Stored items
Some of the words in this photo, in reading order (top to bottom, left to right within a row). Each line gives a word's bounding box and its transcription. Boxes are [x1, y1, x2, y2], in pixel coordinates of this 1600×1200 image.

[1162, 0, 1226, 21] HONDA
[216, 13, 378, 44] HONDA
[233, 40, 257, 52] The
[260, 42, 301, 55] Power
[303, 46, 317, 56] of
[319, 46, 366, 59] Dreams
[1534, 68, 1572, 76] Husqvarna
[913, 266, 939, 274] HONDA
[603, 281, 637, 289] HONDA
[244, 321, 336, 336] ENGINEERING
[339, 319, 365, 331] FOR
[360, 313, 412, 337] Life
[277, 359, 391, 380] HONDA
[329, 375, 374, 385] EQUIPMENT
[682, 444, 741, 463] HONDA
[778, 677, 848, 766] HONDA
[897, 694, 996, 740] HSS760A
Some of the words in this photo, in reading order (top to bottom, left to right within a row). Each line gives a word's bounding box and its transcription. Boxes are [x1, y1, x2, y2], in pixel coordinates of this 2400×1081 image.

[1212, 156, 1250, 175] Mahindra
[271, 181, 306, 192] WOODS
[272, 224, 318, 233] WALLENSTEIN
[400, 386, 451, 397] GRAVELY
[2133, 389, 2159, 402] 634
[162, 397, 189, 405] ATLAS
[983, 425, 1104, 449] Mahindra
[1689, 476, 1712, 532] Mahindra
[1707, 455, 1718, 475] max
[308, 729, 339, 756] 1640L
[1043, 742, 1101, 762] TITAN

_About this exercise_
Retype the records above exactly.

_Response box_
Some of the words in this photo, in reading order (top to bottom, left to right within a row). Each line gives a word's bounding box and its transcription. Boxes are [x1, y1, x2, y2], in pixel coordinates of this 1600×1200 image.

[1162, 0, 1226, 21] HONDA
[216, 13, 378, 44] HONDA
[233, 40, 257, 52] The
[260, 42, 301, 55] Power
[303, 46, 317, 56] of
[319, 46, 366, 59] Dreams
[1534, 68, 1572, 76] Husqvarna
[913, 266, 939, 274] HONDA
[603, 281, 637, 289] HONDA
[244, 321, 336, 336] ENGINEERING
[339, 319, 365, 331] FOR
[360, 313, 412, 337] Life
[277, 359, 391, 380] HONDA
[329, 375, 374, 385] EQUIPMENT
[682, 444, 741, 463] HONDA
[778, 677, 848, 766] HONDA
[897, 694, 996, 740] HSS760A
Some of the words in this photo, in reading order (top to bottom, left to right within a row). Each line gives a word's bounding box and its transcription. Boxes are [x1, y1, x2, y2], in pixel coordinates of this 2400×1081 image.

[1212, 156, 1250, 175] Mahindra
[271, 181, 306, 192] WOODS
[272, 224, 318, 233] WALLENSTEIN
[400, 386, 451, 397] GRAVELY
[2133, 389, 2159, 402] 634
[162, 397, 189, 405] ATLAS
[983, 425, 1104, 449] Mahindra
[1689, 476, 1712, 532] Mahindra
[1707, 455, 1718, 475] max
[308, 729, 339, 756] 1640L
[1043, 742, 1101, 762] TITAN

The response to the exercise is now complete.